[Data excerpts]
══════════════════════════════
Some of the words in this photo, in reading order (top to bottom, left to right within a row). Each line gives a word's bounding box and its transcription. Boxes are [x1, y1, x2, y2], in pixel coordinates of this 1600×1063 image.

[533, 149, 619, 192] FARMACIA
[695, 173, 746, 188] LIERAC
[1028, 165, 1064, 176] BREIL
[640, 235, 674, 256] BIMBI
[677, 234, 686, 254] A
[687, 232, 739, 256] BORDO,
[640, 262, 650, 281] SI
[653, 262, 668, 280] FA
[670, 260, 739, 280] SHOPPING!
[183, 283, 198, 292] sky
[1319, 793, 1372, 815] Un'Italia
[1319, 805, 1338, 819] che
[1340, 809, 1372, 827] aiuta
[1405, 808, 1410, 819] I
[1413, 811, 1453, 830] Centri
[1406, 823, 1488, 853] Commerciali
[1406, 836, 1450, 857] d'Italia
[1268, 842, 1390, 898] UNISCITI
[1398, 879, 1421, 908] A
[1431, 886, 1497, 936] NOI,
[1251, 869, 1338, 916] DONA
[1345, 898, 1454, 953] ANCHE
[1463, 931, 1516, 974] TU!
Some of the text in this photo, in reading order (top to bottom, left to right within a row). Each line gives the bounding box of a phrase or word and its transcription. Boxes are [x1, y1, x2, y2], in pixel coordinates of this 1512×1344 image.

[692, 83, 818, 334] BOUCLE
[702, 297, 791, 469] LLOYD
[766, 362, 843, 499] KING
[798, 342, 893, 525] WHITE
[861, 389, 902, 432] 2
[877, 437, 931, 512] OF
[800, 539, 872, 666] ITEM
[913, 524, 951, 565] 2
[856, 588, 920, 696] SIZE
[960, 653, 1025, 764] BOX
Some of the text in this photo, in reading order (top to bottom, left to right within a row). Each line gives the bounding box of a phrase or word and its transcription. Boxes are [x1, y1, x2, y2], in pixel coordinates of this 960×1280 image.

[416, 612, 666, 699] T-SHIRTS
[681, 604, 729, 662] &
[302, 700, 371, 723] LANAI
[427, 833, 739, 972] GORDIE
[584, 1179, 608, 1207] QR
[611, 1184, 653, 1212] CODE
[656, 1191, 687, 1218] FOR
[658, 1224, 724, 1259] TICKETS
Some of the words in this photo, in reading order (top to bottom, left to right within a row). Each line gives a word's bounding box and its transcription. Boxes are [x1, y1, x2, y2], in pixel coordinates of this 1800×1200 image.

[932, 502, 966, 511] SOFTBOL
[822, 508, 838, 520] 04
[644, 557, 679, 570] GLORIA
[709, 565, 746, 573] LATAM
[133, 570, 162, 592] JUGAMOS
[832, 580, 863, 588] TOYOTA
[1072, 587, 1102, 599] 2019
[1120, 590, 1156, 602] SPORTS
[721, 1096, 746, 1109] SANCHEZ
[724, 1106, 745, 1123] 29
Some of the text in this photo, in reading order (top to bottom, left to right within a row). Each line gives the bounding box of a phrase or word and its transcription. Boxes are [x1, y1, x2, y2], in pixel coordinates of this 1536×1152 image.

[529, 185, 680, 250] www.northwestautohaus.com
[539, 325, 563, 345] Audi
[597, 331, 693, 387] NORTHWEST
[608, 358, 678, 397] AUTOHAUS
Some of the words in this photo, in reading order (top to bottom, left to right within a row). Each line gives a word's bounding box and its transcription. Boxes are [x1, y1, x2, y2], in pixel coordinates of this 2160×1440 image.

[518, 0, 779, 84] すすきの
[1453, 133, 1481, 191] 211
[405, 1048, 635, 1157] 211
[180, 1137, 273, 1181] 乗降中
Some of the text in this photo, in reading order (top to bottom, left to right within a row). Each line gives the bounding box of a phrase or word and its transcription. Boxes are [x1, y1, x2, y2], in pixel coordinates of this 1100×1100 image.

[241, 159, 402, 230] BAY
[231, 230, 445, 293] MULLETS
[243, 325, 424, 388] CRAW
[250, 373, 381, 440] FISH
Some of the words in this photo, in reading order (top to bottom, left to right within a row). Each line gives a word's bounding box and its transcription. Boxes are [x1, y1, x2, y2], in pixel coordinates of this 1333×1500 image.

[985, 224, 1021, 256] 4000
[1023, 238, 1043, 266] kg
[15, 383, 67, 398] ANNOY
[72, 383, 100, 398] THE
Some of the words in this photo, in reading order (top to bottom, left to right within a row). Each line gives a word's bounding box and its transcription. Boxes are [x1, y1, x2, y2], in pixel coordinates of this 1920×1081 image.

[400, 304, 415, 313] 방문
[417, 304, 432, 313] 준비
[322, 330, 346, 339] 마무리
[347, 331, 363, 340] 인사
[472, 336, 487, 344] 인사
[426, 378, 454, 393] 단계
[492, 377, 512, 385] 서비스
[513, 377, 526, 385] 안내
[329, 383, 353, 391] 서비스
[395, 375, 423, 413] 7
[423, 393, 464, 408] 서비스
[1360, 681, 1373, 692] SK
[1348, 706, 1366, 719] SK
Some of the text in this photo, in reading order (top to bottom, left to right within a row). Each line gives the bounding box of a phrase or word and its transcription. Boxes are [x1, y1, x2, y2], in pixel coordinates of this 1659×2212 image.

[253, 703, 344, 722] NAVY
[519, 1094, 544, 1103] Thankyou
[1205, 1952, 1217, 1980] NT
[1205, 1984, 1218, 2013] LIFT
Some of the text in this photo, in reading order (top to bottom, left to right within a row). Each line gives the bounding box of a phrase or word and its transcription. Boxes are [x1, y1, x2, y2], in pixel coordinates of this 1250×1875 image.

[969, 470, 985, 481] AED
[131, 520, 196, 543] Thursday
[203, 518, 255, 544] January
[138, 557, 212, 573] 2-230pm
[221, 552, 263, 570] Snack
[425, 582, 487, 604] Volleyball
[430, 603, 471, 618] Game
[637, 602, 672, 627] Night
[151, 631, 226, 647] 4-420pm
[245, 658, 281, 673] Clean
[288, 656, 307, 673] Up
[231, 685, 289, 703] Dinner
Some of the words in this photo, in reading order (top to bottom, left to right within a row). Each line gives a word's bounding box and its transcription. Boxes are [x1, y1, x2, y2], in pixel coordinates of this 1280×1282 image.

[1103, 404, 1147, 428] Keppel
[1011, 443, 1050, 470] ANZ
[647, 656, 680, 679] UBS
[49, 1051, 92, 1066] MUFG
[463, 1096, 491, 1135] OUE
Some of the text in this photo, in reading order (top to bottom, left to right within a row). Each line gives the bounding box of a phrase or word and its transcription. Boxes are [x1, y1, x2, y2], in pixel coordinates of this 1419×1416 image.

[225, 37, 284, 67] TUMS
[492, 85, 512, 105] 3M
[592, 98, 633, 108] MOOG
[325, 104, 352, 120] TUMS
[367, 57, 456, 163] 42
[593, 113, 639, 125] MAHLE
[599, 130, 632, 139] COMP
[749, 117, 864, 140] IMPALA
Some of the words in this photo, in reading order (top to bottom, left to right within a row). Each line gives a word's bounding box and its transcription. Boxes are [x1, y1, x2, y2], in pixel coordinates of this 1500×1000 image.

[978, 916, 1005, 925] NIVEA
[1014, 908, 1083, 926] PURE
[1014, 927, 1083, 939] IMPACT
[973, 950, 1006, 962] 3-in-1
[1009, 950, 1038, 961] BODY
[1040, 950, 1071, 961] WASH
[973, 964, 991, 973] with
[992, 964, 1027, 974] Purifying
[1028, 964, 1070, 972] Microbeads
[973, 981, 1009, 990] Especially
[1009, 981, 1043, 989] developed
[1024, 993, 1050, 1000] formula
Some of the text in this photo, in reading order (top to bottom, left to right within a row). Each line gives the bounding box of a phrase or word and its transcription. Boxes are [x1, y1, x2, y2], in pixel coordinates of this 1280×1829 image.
══════════════════════════════
- Required action -
Give back each record, exactly as it reads.

- Exercise result -
Some of the words in this photo, in reading order (top to bottom, left to right within a row). Each line gives a word's bounding box and its transcription. Boxes are [x1, y1, x2, y2], in pixel coordinates of this 1600×1063 image.

[533, 149, 619, 192] FARMACIA
[695, 173, 746, 188] LIERAC
[1028, 165, 1064, 176] BREIL
[640, 235, 674, 256] BIMBI
[677, 234, 686, 254] A
[687, 232, 739, 256] BORDO,
[640, 262, 650, 281] SI
[653, 262, 668, 280] FA
[670, 260, 739, 280] SHOPPING!
[183, 283, 198, 292] sky
[1319, 793, 1372, 815] Un'Italia
[1319, 805, 1338, 819] che
[1340, 809, 1372, 827] aiuta
[1405, 808, 1410, 819] I
[1413, 811, 1453, 830] Centri
[1406, 823, 1488, 853] Commerciali
[1406, 836, 1450, 857] d'Italia
[1268, 842, 1390, 898] UNISCITI
[1398, 879, 1421, 908] A
[1431, 886, 1497, 936] NOI,
[1251, 869, 1338, 916] DONA
[1345, 898, 1454, 953] ANCHE
[1463, 931, 1516, 974] TU!
Some of the text in this photo, in reading order (top to bottom, left to right within a row). Each line gives the bounding box of a phrase or word and its transcription. Boxes are [x1, y1, x2, y2], in pixel coordinates of this 1512×1344 image.

[692, 83, 818, 334] BOUCLE
[702, 297, 791, 469] LLOYD
[766, 362, 843, 499] KING
[798, 342, 893, 525] WHITE
[861, 389, 902, 432] 2
[877, 437, 931, 512] OF
[800, 539, 872, 666] ITEM
[913, 524, 951, 565] 2
[856, 588, 920, 696] SIZE
[960, 653, 1025, 764] BOX
Some of the text in this photo, in reading order (top to bottom, left to right within a row). Each line gives the bounding box of a phrase or word and its transcription. Boxes are [x1, y1, x2, y2], in pixel coordinates of this 960×1280 image.

[416, 612, 666, 699] T-SHIRTS
[681, 604, 729, 662] &
[302, 700, 371, 723] LANAI
[427, 833, 739, 972] GORDIE
[584, 1179, 608, 1207] QR
[611, 1184, 653, 1212] CODE
[656, 1191, 687, 1218] FOR
[658, 1224, 724, 1259] TICKETS
Some of the words in this photo, in reading order (top to bottom, left to right within a row). Each line gives a word's bounding box and its transcription. Boxes are [x1, y1, x2, y2], in pixel coordinates of this 1800×1200 image.

[932, 502, 966, 511] SOFTBOL
[822, 508, 838, 520] 04
[644, 557, 679, 570] GLORIA
[709, 565, 746, 573] LATAM
[133, 570, 162, 592] JUGAMOS
[832, 580, 863, 588] TOYOTA
[1072, 587, 1102, 599] 2019
[1120, 590, 1156, 602] SPORTS
[721, 1096, 746, 1109] SANCHEZ
[724, 1106, 745, 1123] 29
Some of the text in this photo, in reading order (top to bottom, left to right within a row). Each line gives the bounding box of a phrase or word and its transcription. Boxes are [x1, y1, x2, y2], in pixel coordinates of this 1536×1152 image.

[529, 185, 680, 250] www.northwestautohaus.com
[539, 325, 563, 345] Audi
[597, 331, 693, 387] NORTHWEST
[608, 358, 678, 397] AUTOHAUS
Some of the words in this photo, in reading order (top to bottom, left to right within a row). Each line gives a word's bounding box and its transcription. Boxes are [x1, y1, x2, y2], in pixel coordinates of this 2160×1440 image.

[518, 0, 779, 84] すすきの
[1453, 133, 1481, 191] 211
[405, 1048, 635, 1157] 211
[180, 1137, 273, 1181] 乗降中
Some of the text in this photo, in reading order (top to bottom, left to right within a row). Each line gives the bounding box of a phrase or word and its transcription. Boxes are [x1, y1, x2, y2], in pixel coordinates of this 1100×1100 image.

[241, 159, 402, 230] BAY
[231, 230, 445, 293] MULLETS
[243, 325, 424, 388] CRAW
[250, 373, 381, 440] FISH
Some of the words in this photo, in reading order (top to bottom, left to right within a row). Each line gives a word's bounding box and its transcription. Boxes are [x1, y1, x2, y2], in pixel coordinates of this 1333×1500 image.

[985, 224, 1021, 256] 4000
[1023, 238, 1043, 266] kg
[15, 383, 67, 398] ANNOY
[72, 383, 100, 398] THE
Some of the words in this photo, in reading order (top to bottom, left to right within a row). Each line gives a word's bounding box and its transcription. Boxes are [x1, y1, x2, y2], in pixel coordinates of this 1920×1081 image.

[400, 304, 415, 313] 방문
[417, 304, 432, 313] 준비
[322, 330, 346, 339] 마무리
[347, 331, 363, 340] 인사
[472, 336, 487, 344] 인사
[426, 378, 454, 393] 단계
[492, 377, 512, 385] 서비스
[513, 377, 526, 385] 안내
[329, 383, 353, 391] 서비스
[395, 375, 423, 413] 7
[423, 393, 464, 408] 서비스
[1360, 681, 1373, 692] SK
[1348, 706, 1366, 719] SK
Some of the text in this photo, in reading order (top to bottom, left to right within a row). Each line gives the bounding box of a phrase or word and its transcription. Boxes are [x1, y1, x2, y2], in pixel coordinates of this 1659×2212 image.

[253, 703, 344, 722] NAVY
[519, 1094, 544, 1103] Thankyou
[1205, 1952, 1217, 1980] NT
[1205, 1984, 1218, 2013] LIFT
Some of the text in this photo, in reading order (top to bottom, left to right within a row). Each line gives the bounding box of a phrase or word and its transcription. Boxes are [x1, y1, x2, y2], in pixel coordinates of this 1250×1875 image.

[969, 470, 985, 481] AED
[131, 520, 196, 543] Thursday
[203, 518, 255, 544] January
[138, 557, 212, 573] 2-230pm
[221, 552, 263, 570] Snack
[425, 582, 487, 604] Volleyball
[430, 603, 471, 618] Game
[637, 602, 672, 627] Night
[151, 631, 226, 647] 4-420pm
[245, 658, 281, 673] Clean
[288, 656, 307, 673] Up
[231, 685, 289, 703] Dinner
Some of the words in this photo, in reading order (top to bottom, left to right within a row). Each line gives a word's bounding box and its transcription. Boxes are [x1, y1, x2, y2], in pixel coordinates of this 1280×1282 image.

[1103, 404, 1147, 428] Keppel
[1011, 443, 1050, 470] ANZ
[647, 656, 680, 679] UBS
[49, 1051, 92, 1066] MUFG
[463, 1096, 491, 1135] OUE
Some of the text in this photo, in reading order (top to bottom, left to right within a row). Each line gives the bounding box of a phrase or word and its transcription. Boxes are [x1, y1, x2, y2], in pixel coordinates of this 1419×1416 image.

[225, 37, 284, 67] TUMS
[492, 85, 512, 105] 3M
[592, 98, 633, 108] MOOG
[325, 104, 352, 120] TUMS
[367, 57, 456, 163] 42
[593, 113, 639, 125] MAHLE
[599, 130, 632, 139] COMP
[749, 117, 864, 140] IMPALA
Some of the words in this photo, in reading order (top to bottom, left to right within a row). Each line gives a word's bounding box and its transcription. Boxes are [x1, y1, x2, y2], in pixel coordinates of this 1500×1000 image.

[978, 916, 1005, 925] NIVEA
[1014, 908, 1083, 926] PURE
[1014, 927, 1083, 939] IMPACT
[973, 950, 1006, 962] 3-in-1
[1009, 950, 1038, 961] BODY
[1040, 950, 1071, 961] WASH
[973, 964, 991, 973] with
[992, 964, 1027, 974] Purifying
[1028, 964, 1070, 972] Microbeads
[973, 981, 1009, 990] Especially
[1009, 981, 1043, 989] developed
[1024, 993, 1050, 1000] formula
Some of the text in this photo, in reading order (top to bottom, left to right within a row). Each line gives the bounding box of a phrase or word and its transcription. Boxes are [x1, y1, x2, y2], in pixel coordinates of this 1280×1829 image.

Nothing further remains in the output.